# ABOUT THIS TASK
Each entry has to be given again in its exact wording, and no picture may appear in the result.
==================================================
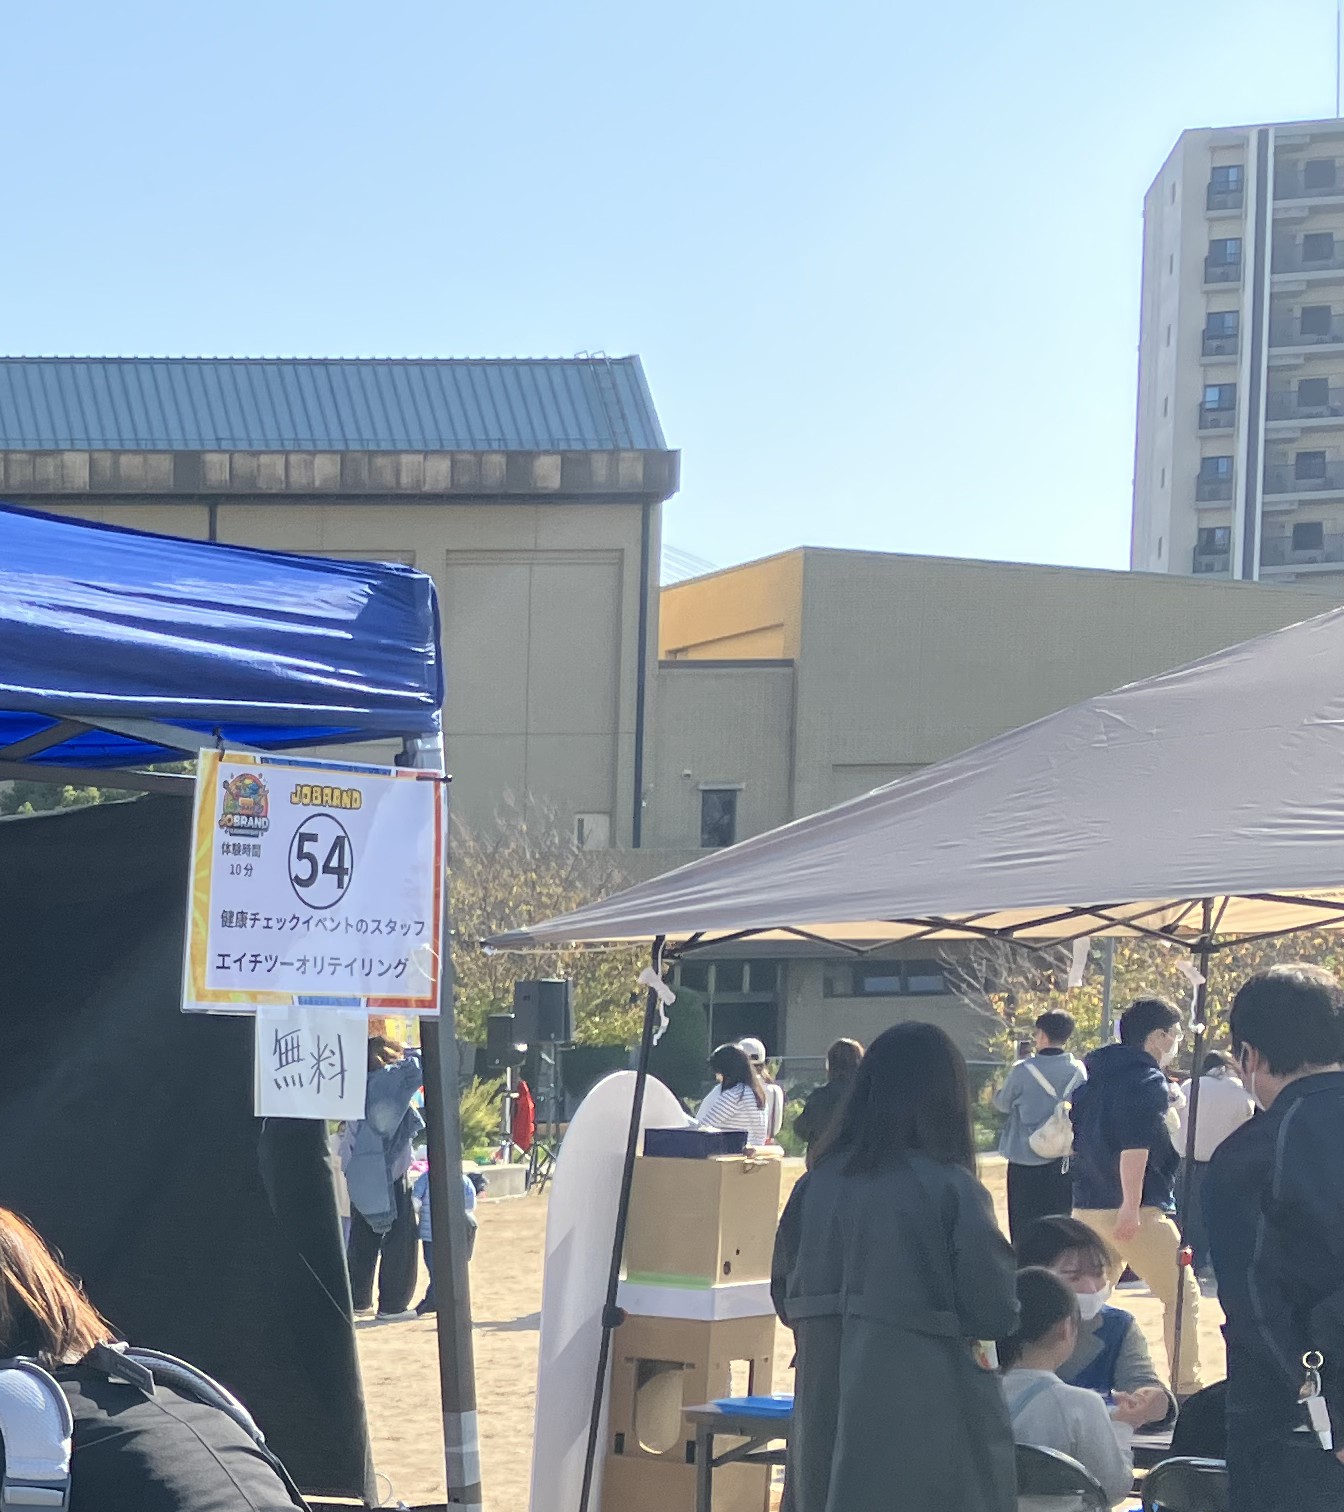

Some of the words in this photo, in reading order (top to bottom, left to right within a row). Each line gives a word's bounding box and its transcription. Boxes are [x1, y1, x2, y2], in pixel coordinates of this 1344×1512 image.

[218, 813, 270, 832] JOBRAND
[221, 842, 261, 858] 体験時間
[292, 832, 349, 889] 54
[220, 909, 426, 937] 健康チェックイベントのスタッフ
[216, 952, 410, 979] エイチツーオリテイリング
[273, 1028, 348, 1099] 無料
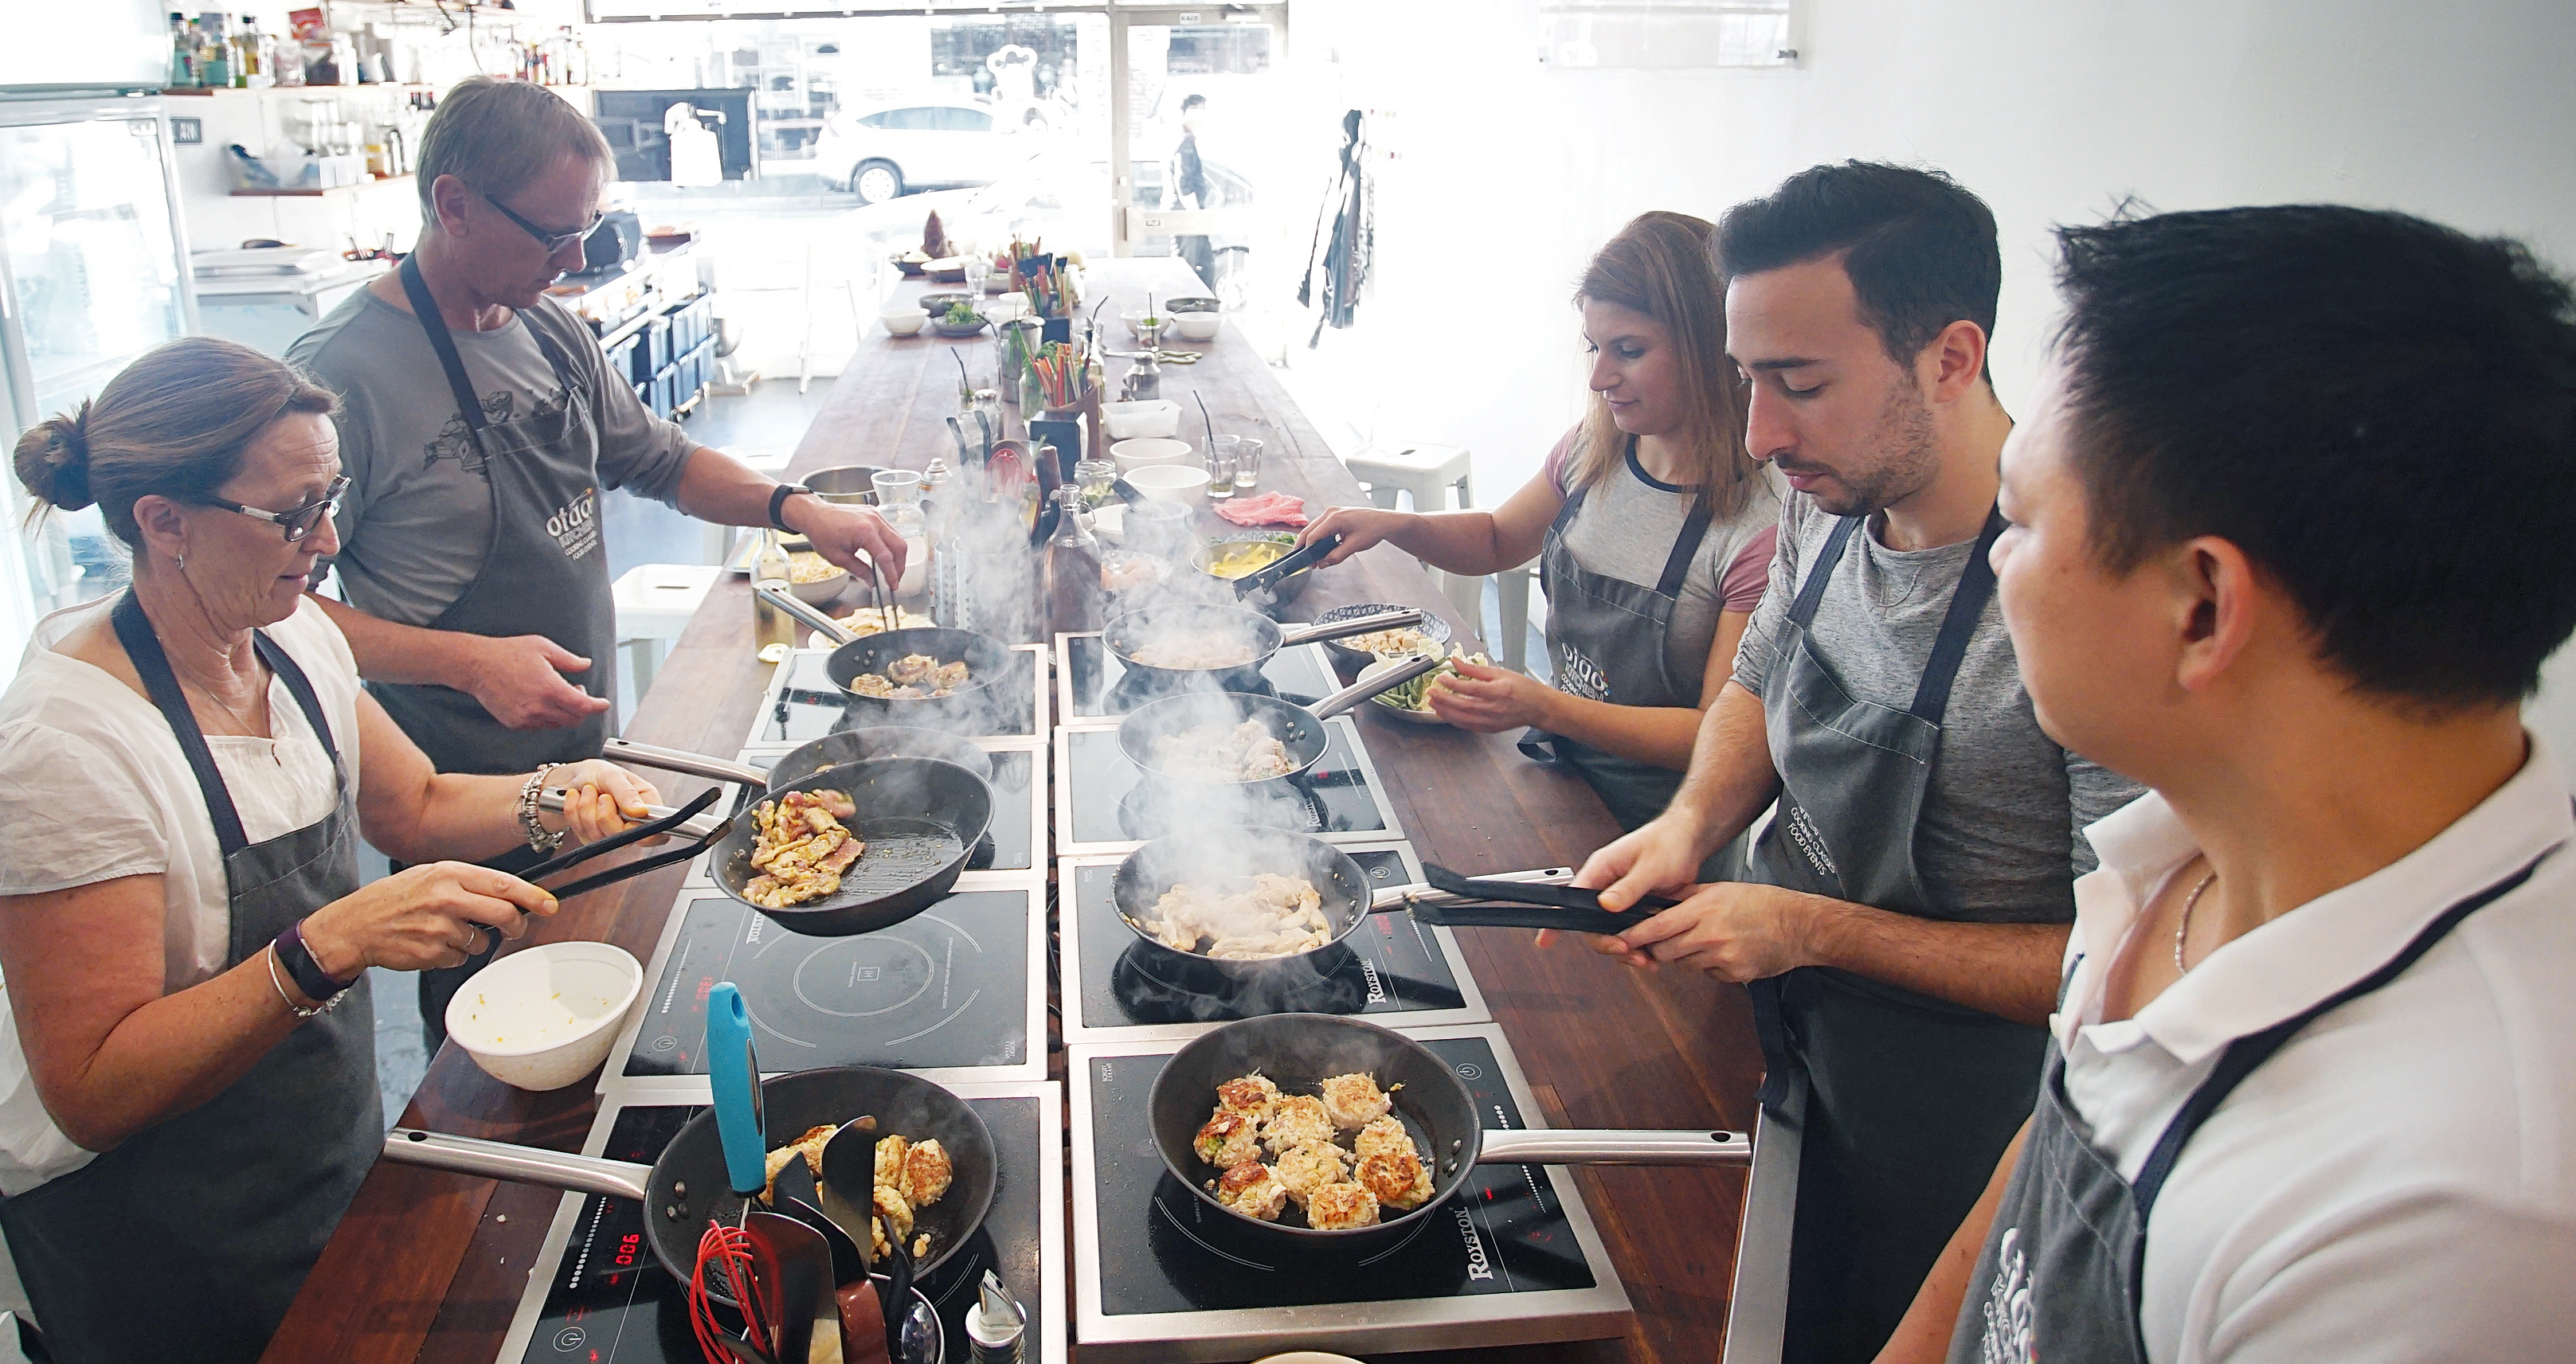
==================================================
# WRITTEN REPLY
Some of the words in this photo, in reading order (top to bottom, left to right within a row). Each line gives a word's bounding box and its transcription. Boxes are [x1, y1, x2, y2], in pixel coordinates of this 1344×1512 image.

[218, 813, 270, 832] JOBRAND
[221, 842, 261, 858] 体験時間
[292, 832, 349, 889] 54
[220, 909, 426, 937] 健康チェックイベントのスタッフ
[216, 952, 410, 979] エイチツーオリテイリング
[273, 1028, 348, 1099] 無料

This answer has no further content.